- [The task]:
Start to finish, print the entries exactly, and carry none of the pictures over.

- [Records for processing]:
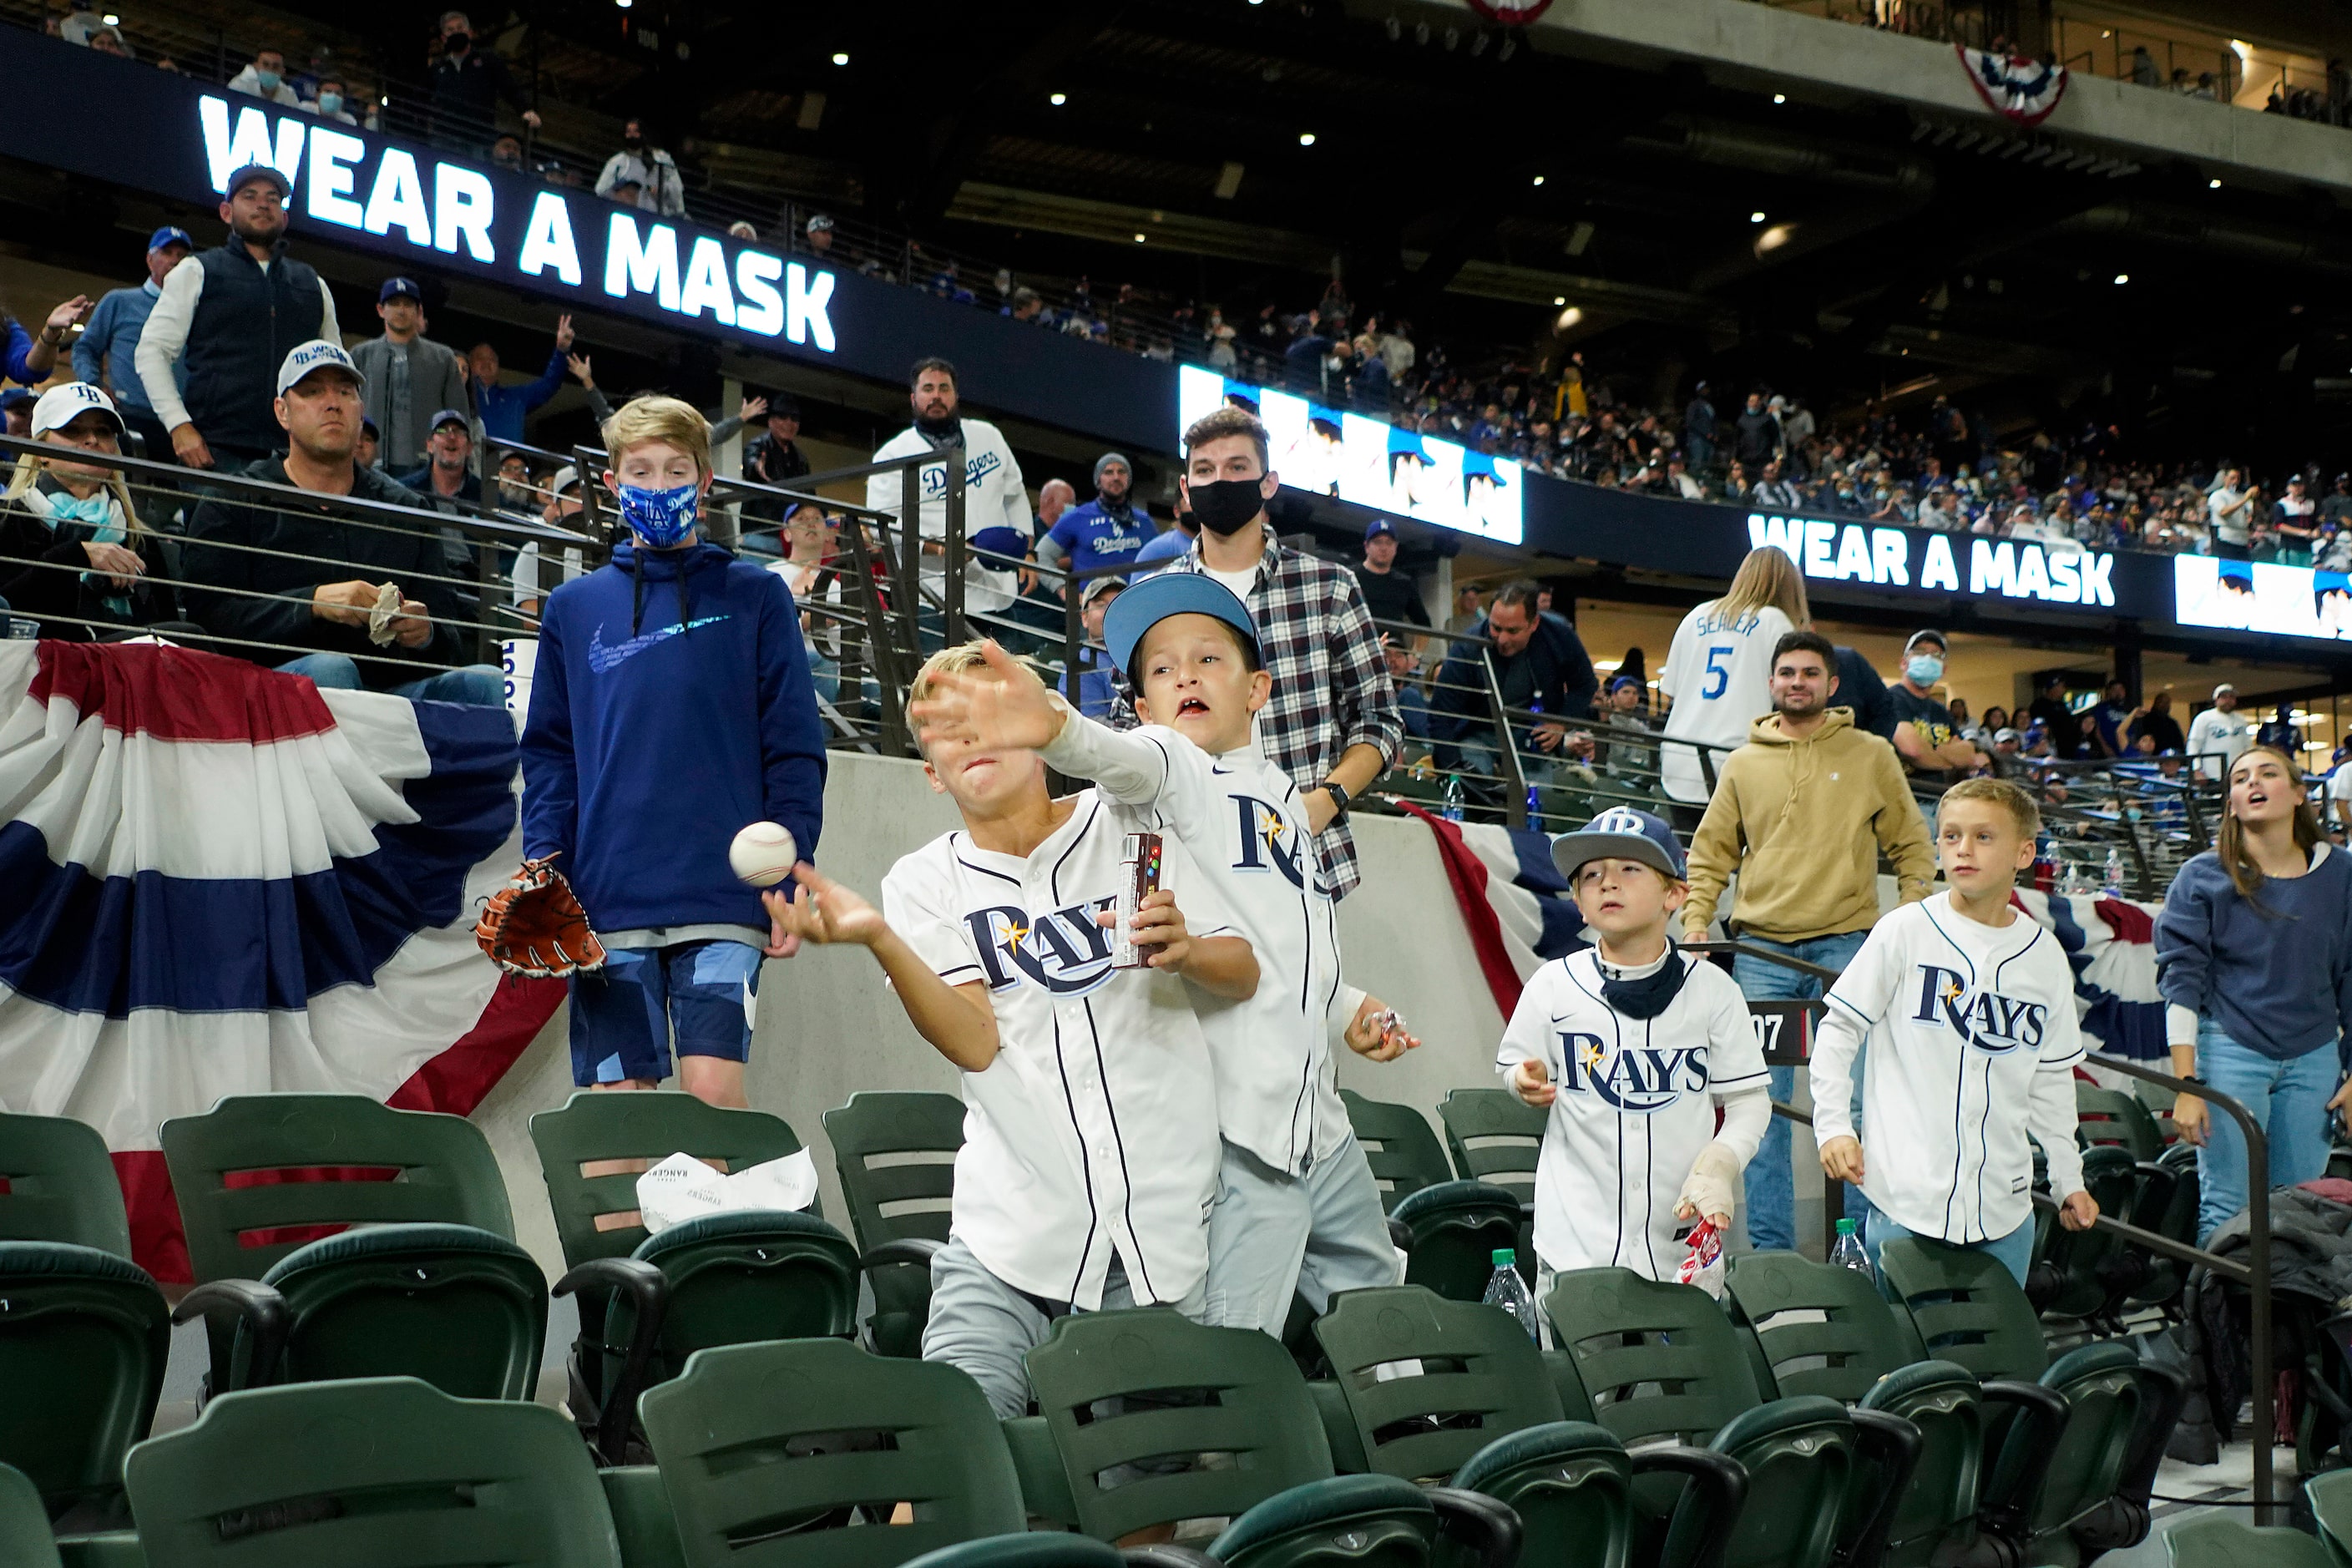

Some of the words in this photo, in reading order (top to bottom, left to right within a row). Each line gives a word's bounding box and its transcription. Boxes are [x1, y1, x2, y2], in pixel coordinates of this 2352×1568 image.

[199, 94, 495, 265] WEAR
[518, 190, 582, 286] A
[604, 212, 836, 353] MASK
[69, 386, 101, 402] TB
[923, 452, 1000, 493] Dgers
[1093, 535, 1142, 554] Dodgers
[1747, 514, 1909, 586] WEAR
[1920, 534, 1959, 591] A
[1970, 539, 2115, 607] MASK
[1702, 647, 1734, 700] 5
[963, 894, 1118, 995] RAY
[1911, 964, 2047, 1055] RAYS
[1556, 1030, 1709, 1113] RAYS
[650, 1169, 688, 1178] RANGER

- [Task response]:
Some of the words in this photo, in reading order (top to bottom, left to right within a row). Each line gives a word's bounding box and its transcription. Boxes are [x1, y1, x2, y2], in pixel coordinates of this 2352×1568 image.

[199, 94, 495, 265] WEAR
[518, 190, 582, 286] A
[604, 212, 836, 353] MASK
[69, 386, 101, 402] TB
[923, 452, 1000, 493] Dgers
[1093, 535, 1142, 554] Dodgers
[1747, 514, 1909, 586] WEAR
[1920, 534, 1959, 591] A
[1970, 539, 2115, 607] MASK
[1702, 647, 1734, 700] 5
[963, 894, 1118, 995] RAY
[1911, 964, 2047, 1055] RAYS
[1556, 1030, 1709, 1113] RAYS
[650, 1169, 688, 1178] RANGER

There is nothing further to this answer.